WORK TO BE COMPLETED
Reproduce verbatim only the line that holds "this 2351×1567 image." and the lines that follow it to the end of the listing.

DATA RECORDS
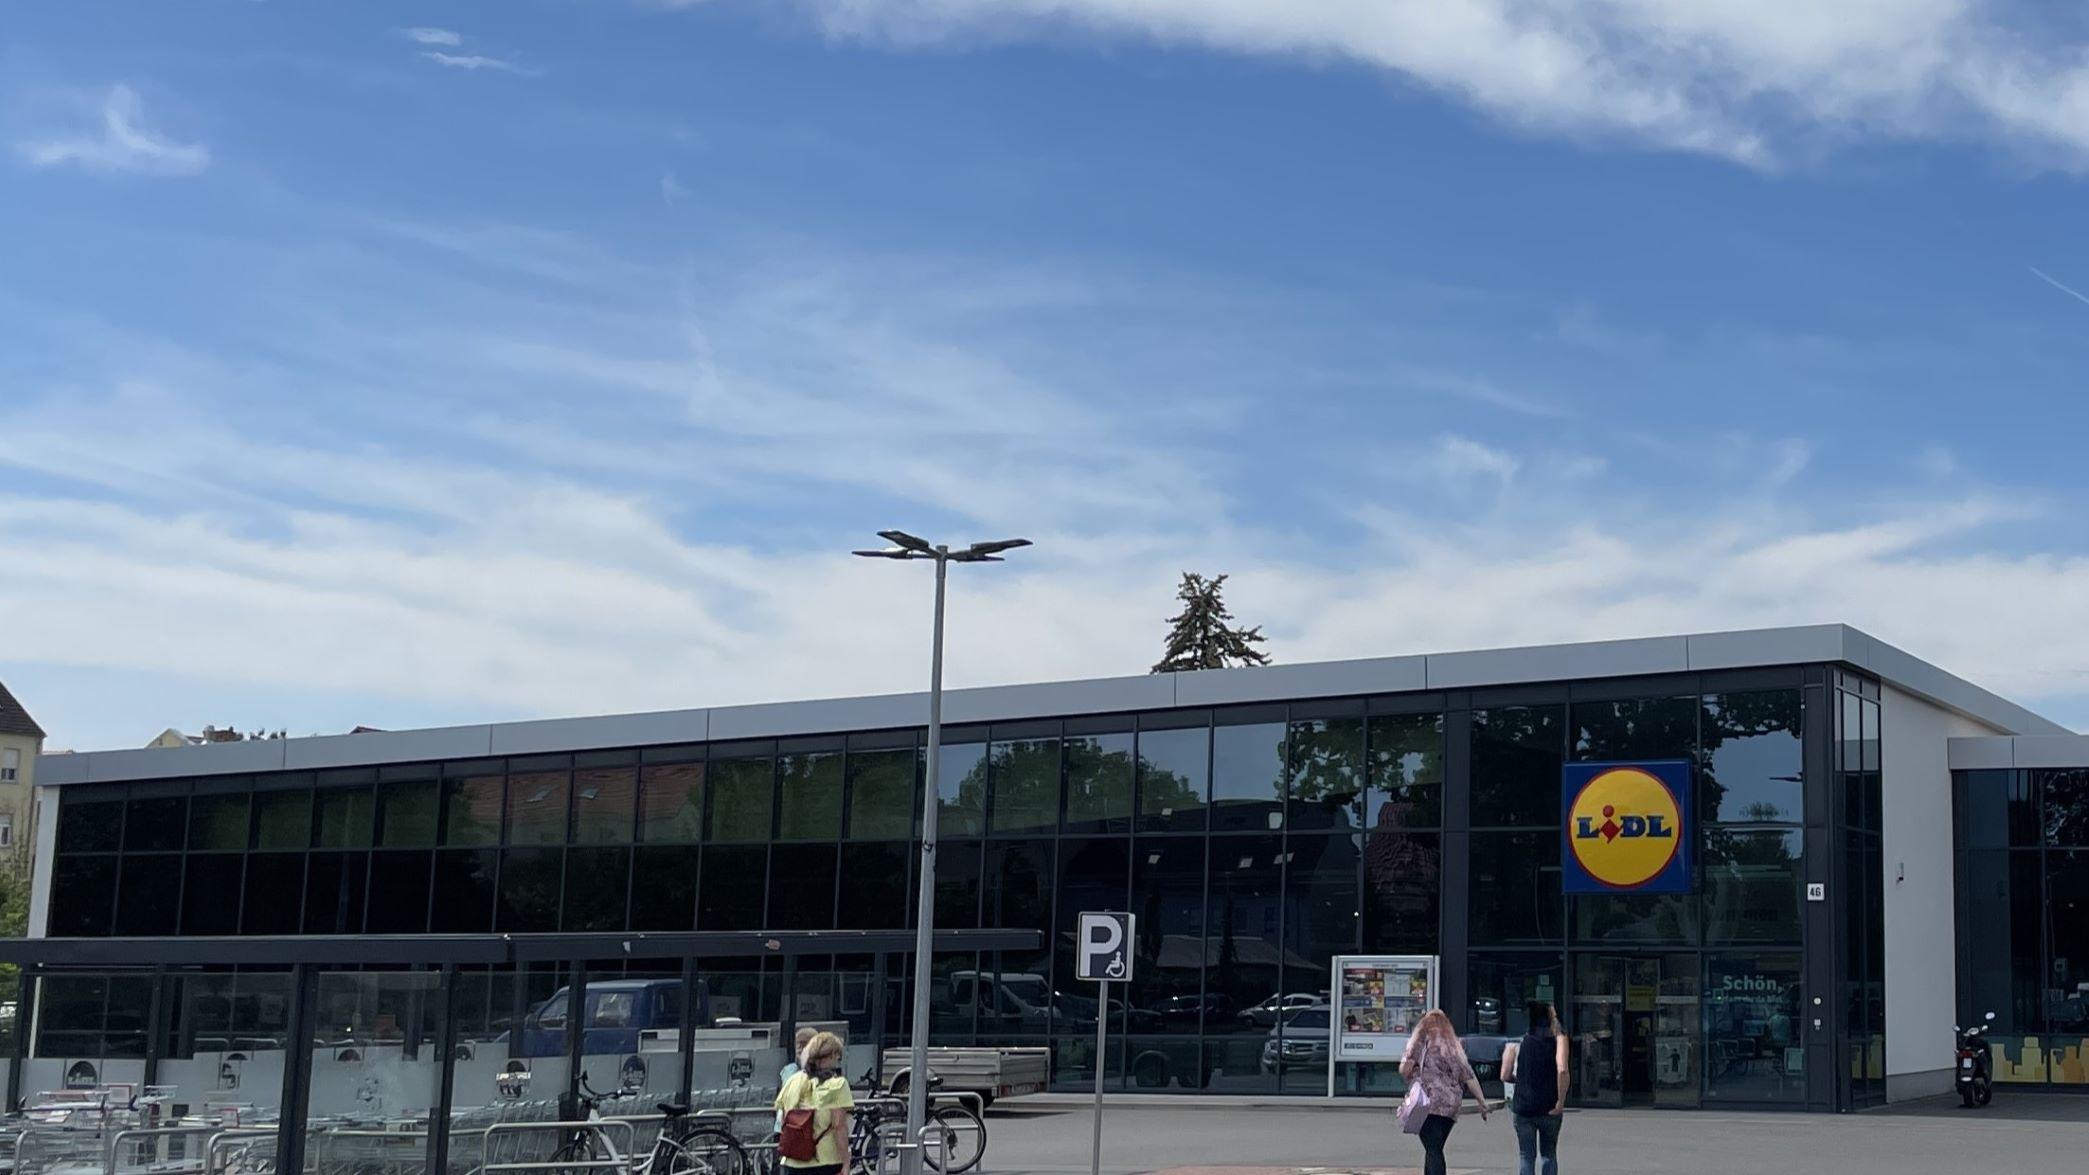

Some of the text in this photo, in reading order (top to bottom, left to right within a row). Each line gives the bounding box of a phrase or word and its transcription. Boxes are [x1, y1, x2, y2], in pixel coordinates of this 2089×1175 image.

[1810, 886, 1822, 897] 46
[1080, 915, 1122, 977] P
[1723, 975, 1784, 994] Schön,
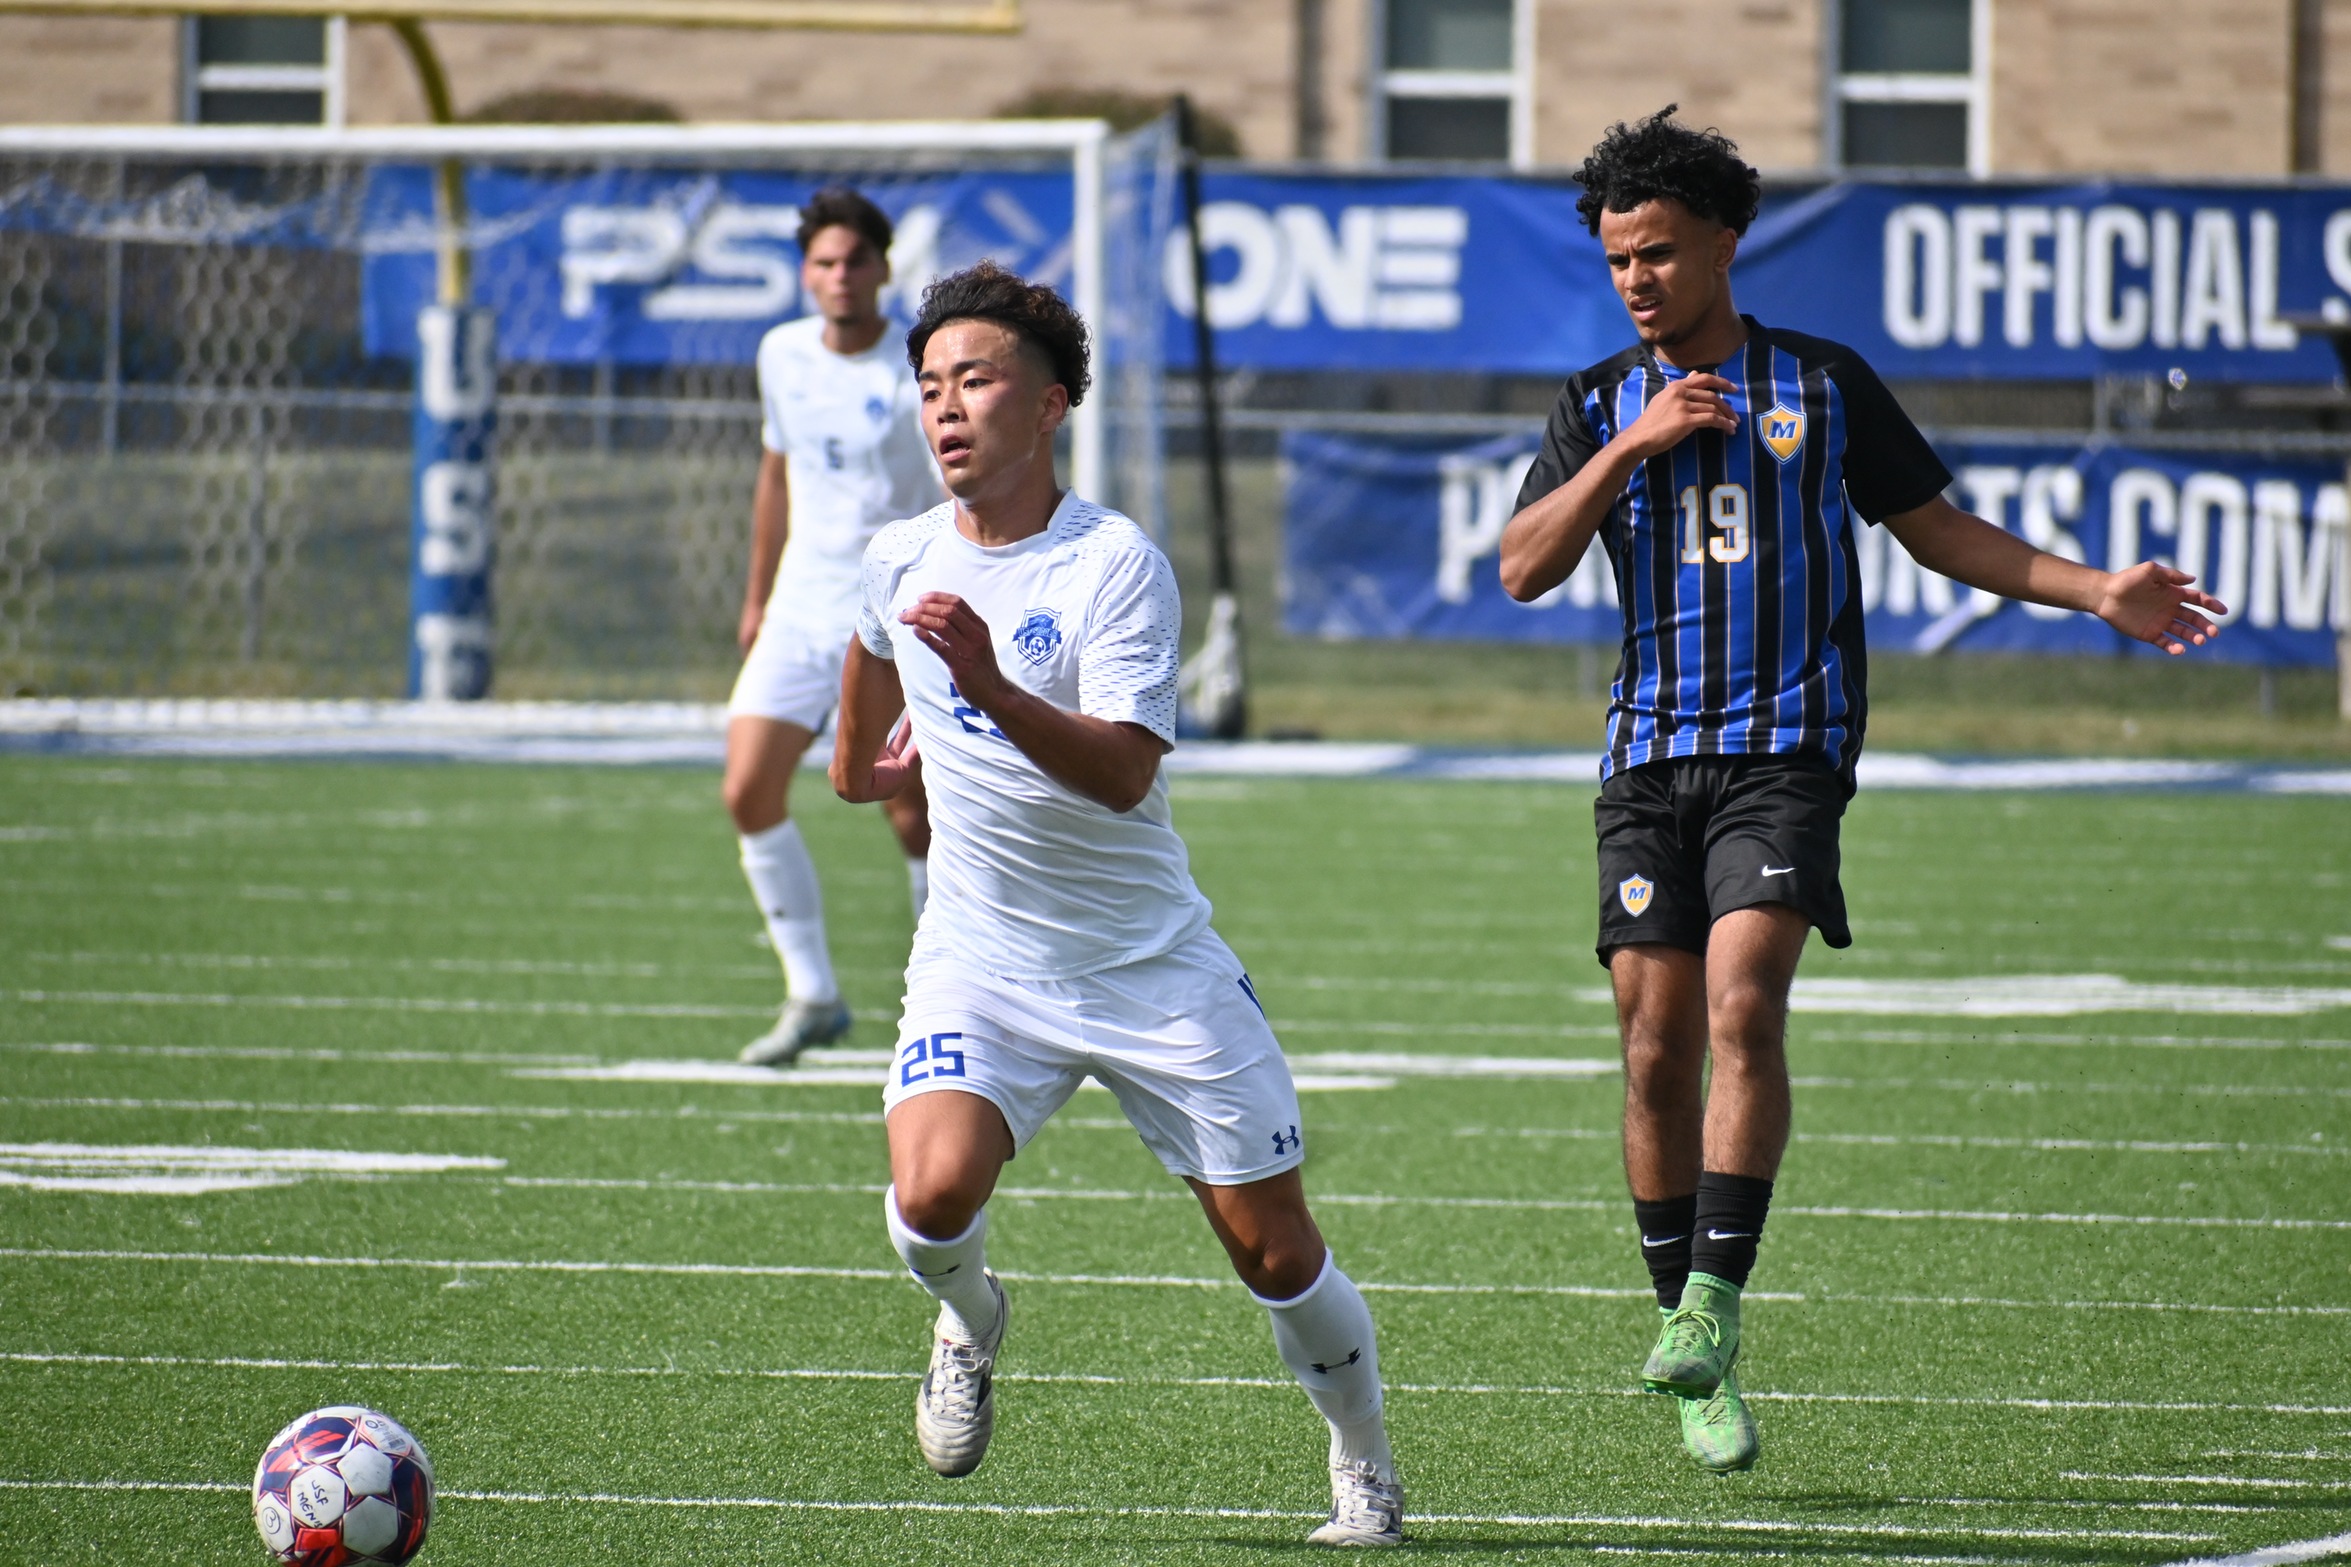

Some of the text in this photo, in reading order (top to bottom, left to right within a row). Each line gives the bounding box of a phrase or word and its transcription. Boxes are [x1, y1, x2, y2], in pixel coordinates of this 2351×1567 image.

[1163, 200, 1467, 330] ONE
[1883, 203, 2298, 349] OFFICIAL
[1769, 420, 1797, 440] M
[1680, 484, 1749, 563] 19
[1627, 886, 1647, 901] M
[901, 1032, 966, 1087] 25

WRITTEN ANSWER
Some of the text in this photo, in reading order (top to bottom, left to right within a row). Each line gives the bounding box of a phrase or word and its transcription. Boxes are [x1, y1, x2, y2], in pixel coordinates of this 2351×1567 image.

[1163, 200, 1467, 330] ONE
[1883, 203, 2298, 349] OFFICIAL
[1769, 420, 1797, 440] M
[1680, 484, 1749, 563] 19
[1627, 886, 1647, 901] M
[901, 1032, 966, 1087] 25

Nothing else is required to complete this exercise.